Join us today to give the banks break-up cards

We are protesting tomorrow at Noon on the steps of the NY Public Library (5th Ave, south of 42nd Street).

It is easy to pick on HSBC and the ads in previous blog posts are wonderfulBut the problem is not one bad bank. It is the whole system of megabanks that need to be broken up.

Yes, it is horrible that HSBC got away with money-laundering to drug cartels and terrorists, but it also horrible that Bank of America and JPMorgan Chase and others committed fraud while foreclosing on homeowners. No one was prosecuted for that, either. And, they continue to do it even after they “settled’ with the government and promised to stop.

And it isn’t just HSBC that was let off because officials feared “horrible consequences” if they were forced to close. That was the rationale for the near-trillion dollar TARP bailout in 2008 and the reason Treasury Sec.
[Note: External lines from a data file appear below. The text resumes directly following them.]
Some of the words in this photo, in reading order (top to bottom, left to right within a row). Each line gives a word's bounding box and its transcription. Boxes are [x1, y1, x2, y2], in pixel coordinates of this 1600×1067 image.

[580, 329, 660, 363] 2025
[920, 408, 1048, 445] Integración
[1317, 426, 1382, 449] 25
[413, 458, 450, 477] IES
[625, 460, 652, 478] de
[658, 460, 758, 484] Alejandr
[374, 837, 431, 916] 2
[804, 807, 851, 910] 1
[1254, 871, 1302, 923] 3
Tim Geithner felt he needed to divert the money intended for homeowner relief to “foam the runway” so the banks’ crash wouldn’t be too traumatic.

And it isn’t just HSBC that flagrantly ignored the law for many years. Almost every big bank is implicated in the LIBOR scandal. The Economist, not OWS, called it “the rotten heart of finance”.
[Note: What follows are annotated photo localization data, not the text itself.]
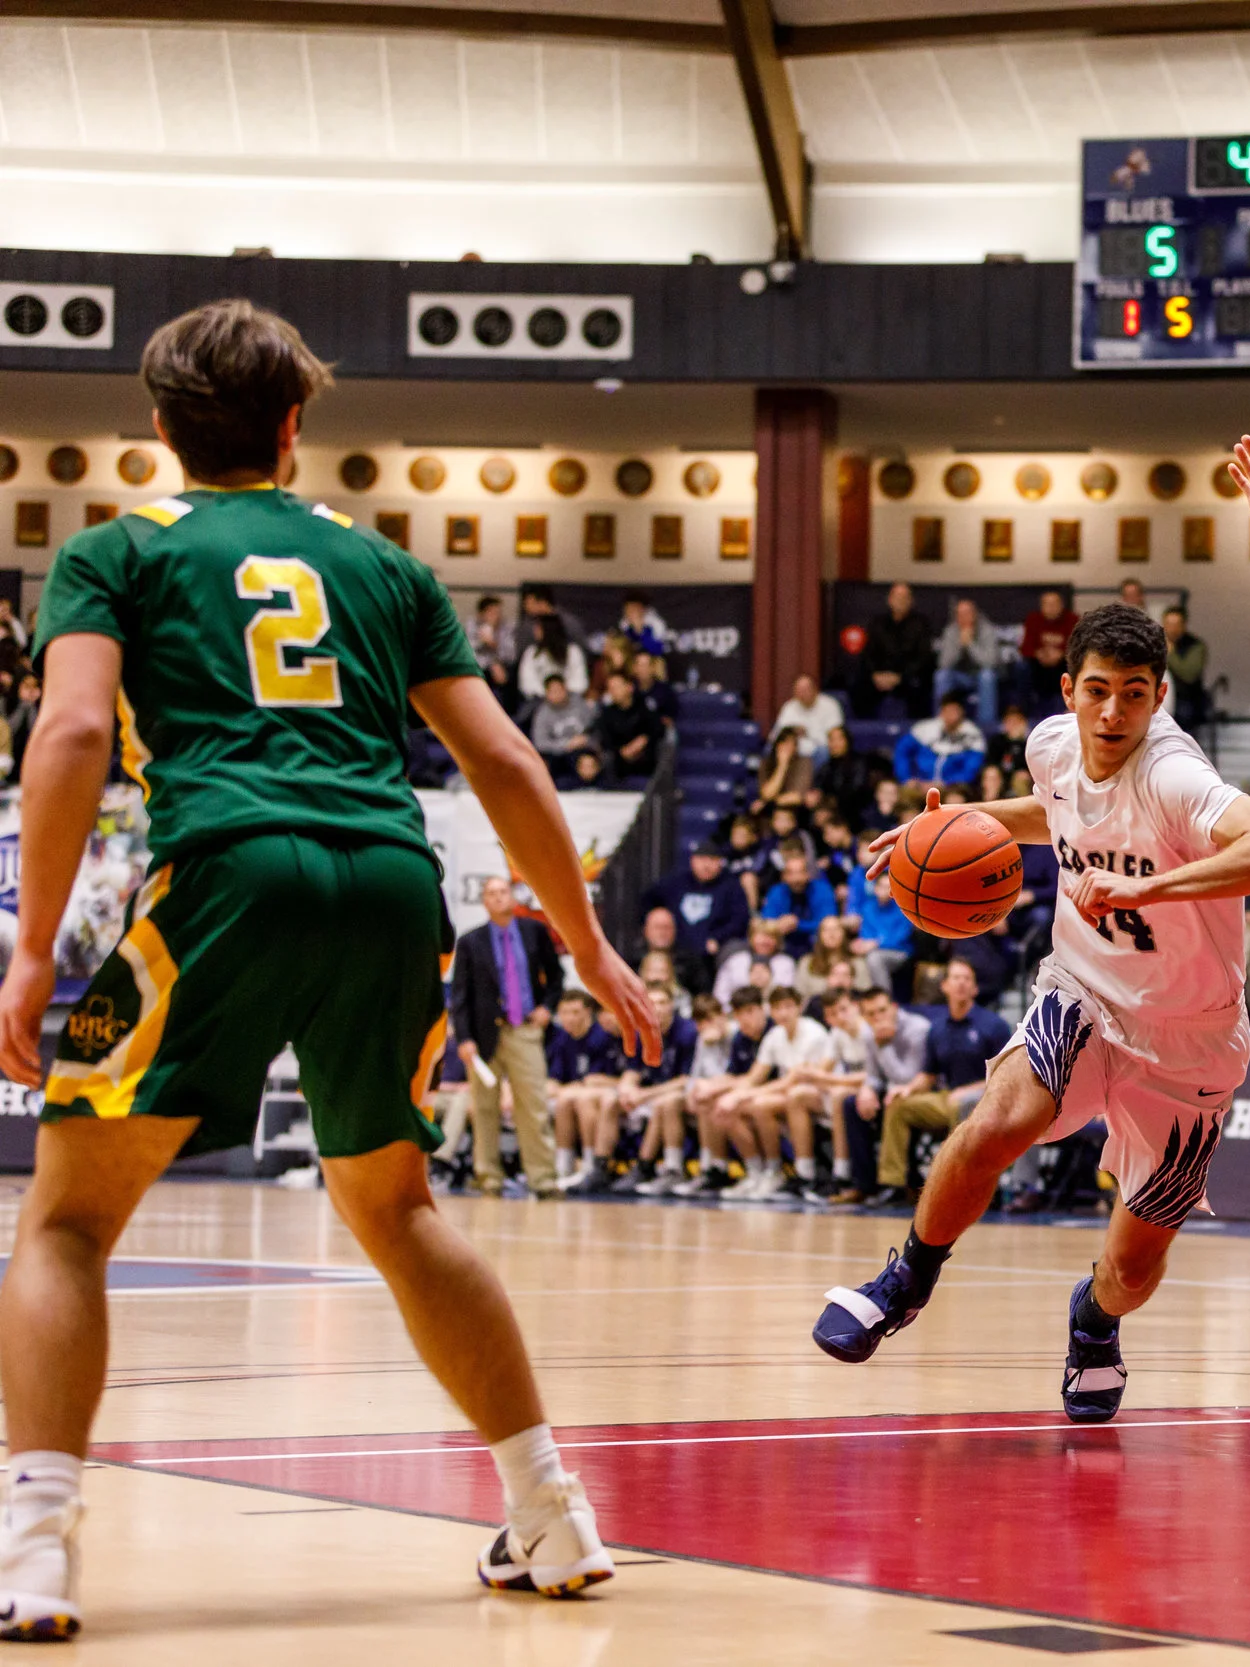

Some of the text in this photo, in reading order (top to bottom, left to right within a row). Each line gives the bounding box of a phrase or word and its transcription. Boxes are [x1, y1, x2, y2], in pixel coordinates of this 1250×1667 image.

[1145, 225, 1178, 278] 5
[1123, 299, 1140, 336] 1
[1164, 295, 1193, 338] 5
[235, 555, 343, 708] 2
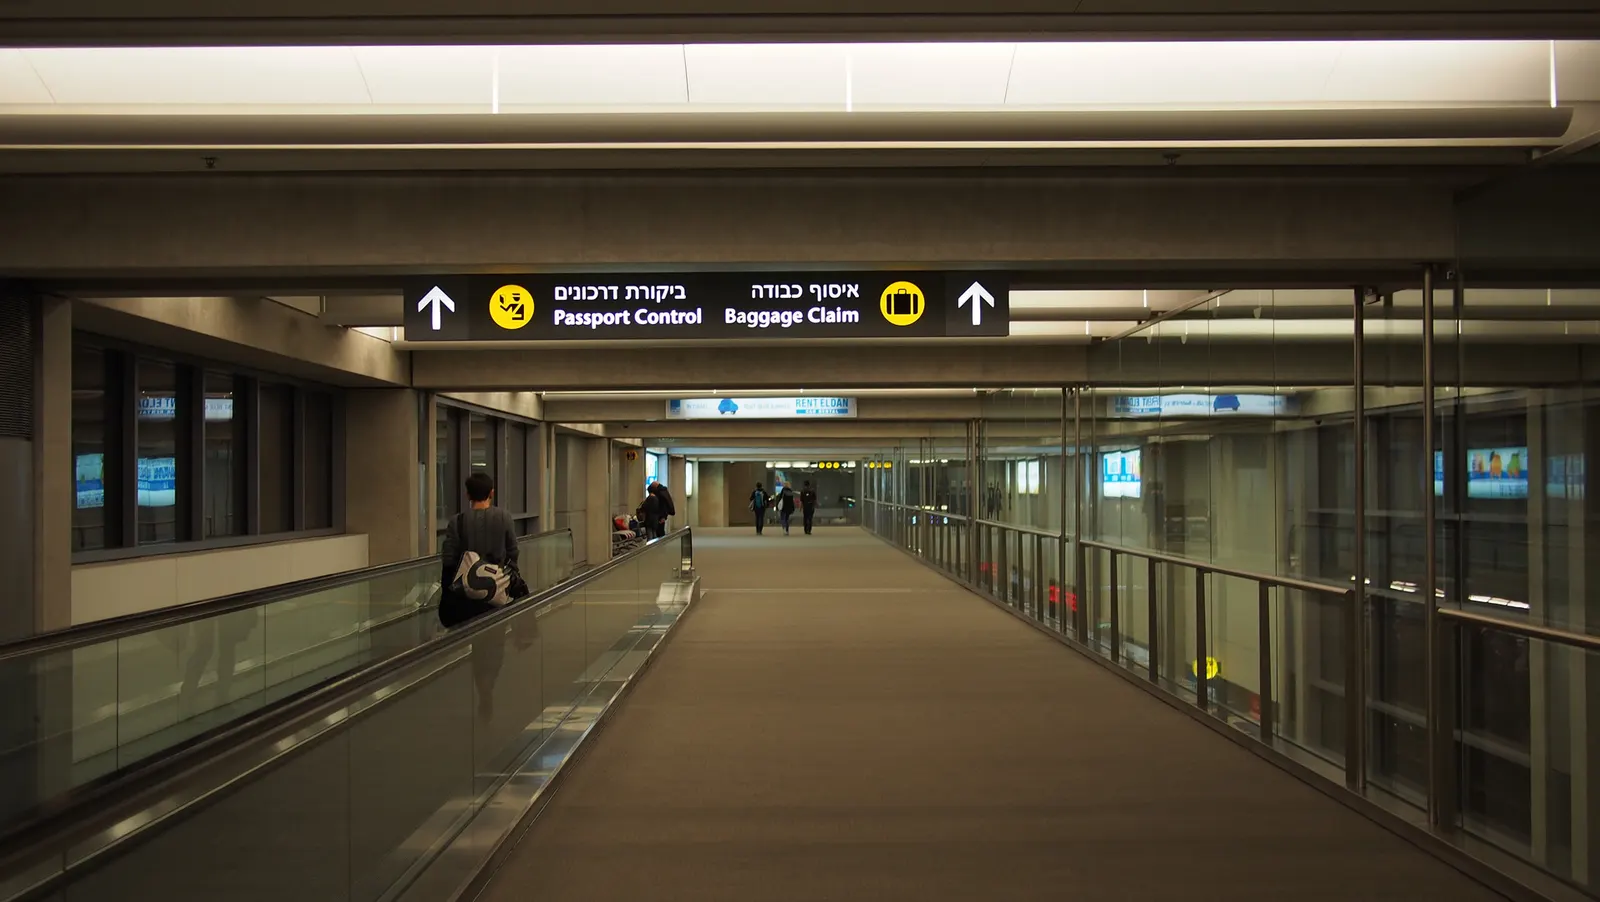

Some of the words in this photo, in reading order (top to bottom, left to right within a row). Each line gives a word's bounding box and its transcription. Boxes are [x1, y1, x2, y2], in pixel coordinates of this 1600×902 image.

[554, 285, 618, 301] דרכונים
[625, 285, 686, 303] ביקורת
[752, 284, 802, 299] כבודה
[810, 283, 859, 301] איסוף
[554, 309, 631, 329] Passport
[635, 308, 702, 325] Control
[725, 308, 803, 328] Baggage
[808, 307, 859, 324] Claim
[796, 398, 818, 408] RENT
[820, 398, 849, 408] ELDAN
The efforts at prosecution have been pathetic. The HSBC episode proves that Dodd-Frank has done little to address the problem (not that proof was needed).

Why do the megabanks continue to get away abusing the system?

Two basic reasons:

  1. the megabanks are so big that they can’t be allowed to fail because of fears of “horrible consequences” if they did.
  2. they are politically connected because of the revolving door of executives going in and out of government and the resulting intellectual capture of Washington, DC.
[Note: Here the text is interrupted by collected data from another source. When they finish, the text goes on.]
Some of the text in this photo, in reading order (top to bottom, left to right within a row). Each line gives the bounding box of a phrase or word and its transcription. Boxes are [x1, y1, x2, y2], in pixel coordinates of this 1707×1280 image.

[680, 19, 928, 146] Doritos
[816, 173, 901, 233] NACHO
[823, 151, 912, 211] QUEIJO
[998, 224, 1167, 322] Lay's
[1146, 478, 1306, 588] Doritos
Campaign contributions don’t hurt either but are probably the smallest piece of the corruption.

In the words of Senator Dick Durbin, the banks “own the place”.

The only solution to this problem is to break up all the banks that threaten the economy. Even Alan Greenspan, long-time Fed Chairman and high priest of the economic establishment has said “Too Big to Fail is Too Big“.

Let’s send them this message. Join us tomorrow.